I knew if I was going to win her over, it would only happen in its own time. So I waited; treated H with respect; did what I could to make her feel safe; spent time with her when she allowed; and tried to help her see that I was not a threat to her mother’s love for her. I knew I was getting through when her mom told me that H had asked her (in Vietnamese, of course),
Why does Daddy love me so much?
Once I started spending time around the extended family, H’s grandparents and her mom wanted her to call me “Bố” (pronounced bá), the Vietnamese word for father. I was flattered, but declined. She already had a father and I was NOT trying to (nor did I want to) replace him. I wanted her to see him whenever possible and hoped they would have a good, healthy relationship. Although she doesn’t see him much since he moved six hours away for work, I never wanted to chance that she or someone else refer to me as “Bố” in his presence, because he would lose face. Besides, there are always alternatives.
I made a list and her mother offered them to her:
John
Dad
Daddy
Bố John (Uncles are often called “Bố [first name] as a sign of respect.)
She immediately chose “Daddy”, and that’s whom I’ve been to her ever since. I was very happy with her choice, because that’s what I would’ve chosen; it feels right and I smile inside (and sometimes outside) every time she says it. Even now.

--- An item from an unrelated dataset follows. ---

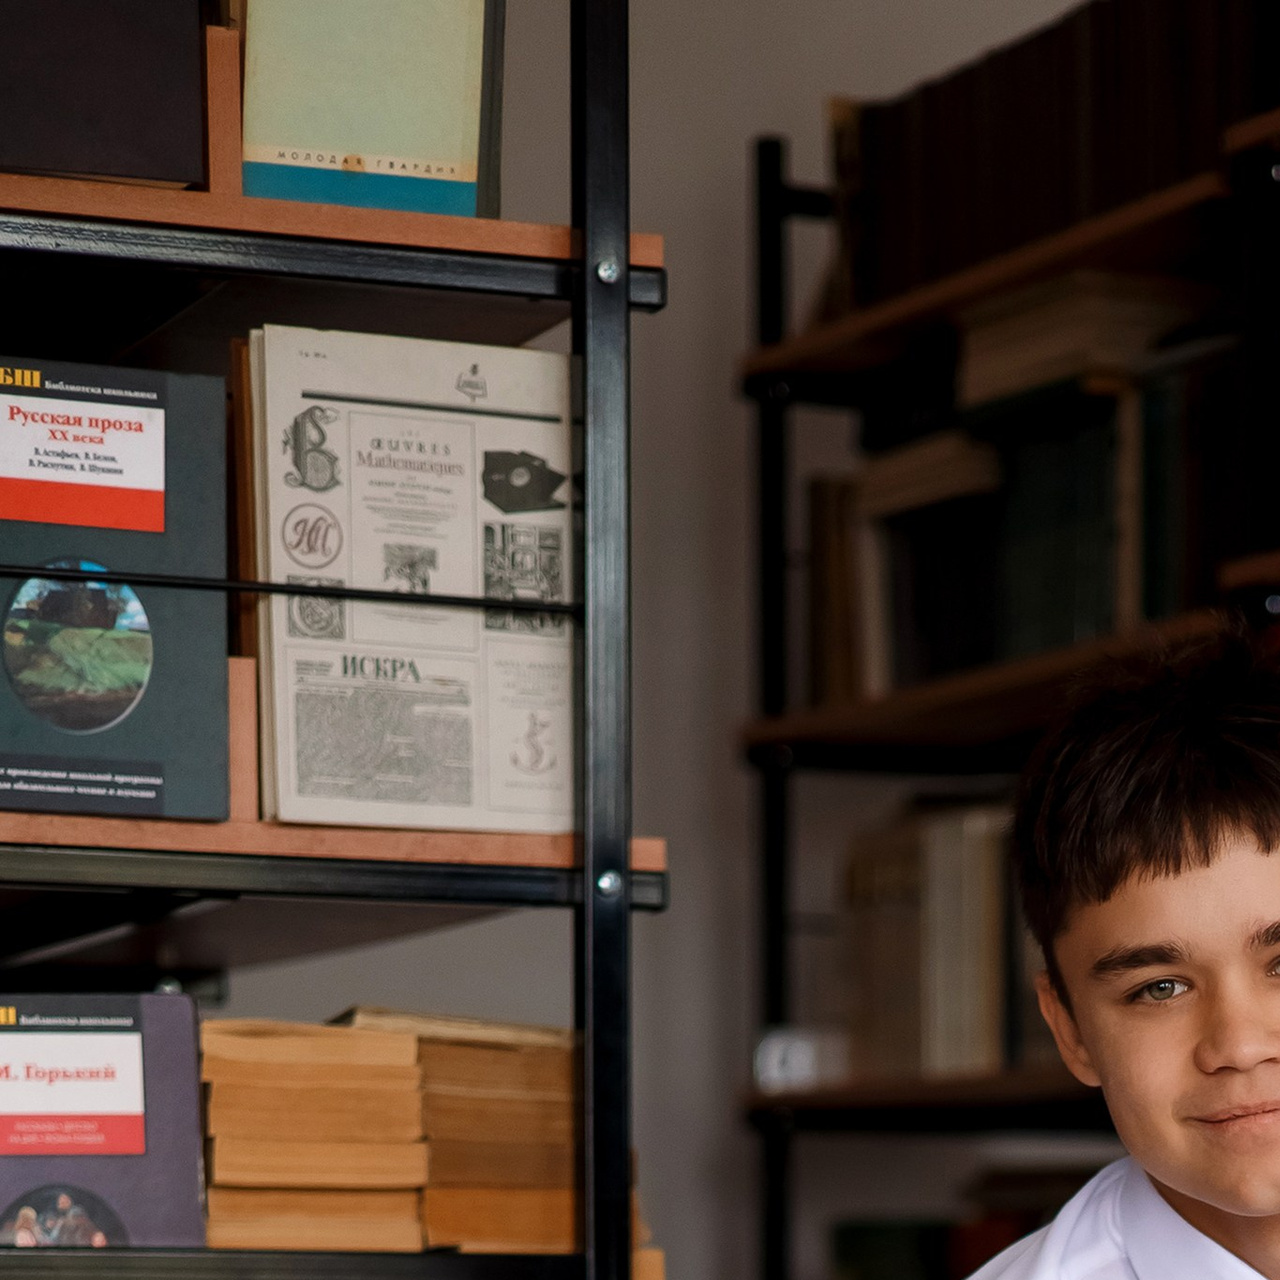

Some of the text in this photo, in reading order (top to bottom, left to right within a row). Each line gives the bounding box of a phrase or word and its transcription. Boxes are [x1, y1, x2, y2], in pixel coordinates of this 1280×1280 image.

A few years later, seemingly out of nowhere, she looked me dead in the eye (uncommon in VN) and said,
When I first met you, I didn’t like you.
I laughed and replied, “And now you love me.”
She laughed and said,
Yes!
One day she was asking me questions about my family and what it was like growing up in the US. I mentioned that although we were biologically a family, I never really felt close to my parents or siblings in the way I felt close to her and her mom. She asked why, and I said, “That’s just the way it is, sometimes. I also told her that I don’t remember either of my parents ever saying ‘I love you’ to me until after I graduated university and was out on my own.
She looked at up me, smiled broadly, and said,
I love you, Daddy!
A few days later, her mother told me that H felt very bad that my parents never told me they loved me. She told her mom that she was going to tell me she loves me every day, forever.
And she does. Every single day.
My daughter brought so much sunshine and love into my life, I can’t imagine it without her.
Thank you, daughter! I love you!!!
One last thought… if you ask H “What’s Daddy’s job?”, she will quickly say,
Daddy‘s job is to protect me!
I agree with Jo Jo from Jerz:
My daughter is a firework who hasn’t yet had her chance to streak across the sky, and I’ll be damned if I’m going to let anyone or anything stop her from being able to light up the night and dazzle the world.
That is a beautiful story. It's rare to be unconditionally loved but you lucked out. Very poignant piece full of meaning.
As a single parent that raised my youngest child from birth alone, and especially being a Black Man in the United States raising a female child, I have often been asked (almost always by European-Americans) "what is your secret?" She's so this, she's so that. "We really LOVE little Suzie but we have been unable to accomplish what you have.
My response always is: "you are focusing on the wrong four-letter word. LOVE is subjective and your child may have a different concept of it...if any at all. However, if give your child TIME, they will come to know love. You can buy all the crap in the store, but TIME is the most valuable thing we have, it is what we cannot get back. And, as in any relationship, when you give your most precious gift, TIME, it will be reflected and LOVE becomes moot."
Time and protection are the birthright of every child. Because we can keep our pants zipped, and legs crossed.
Glad to see your travels were safe and feel especially privileged to know H's" real name. My regards to you both.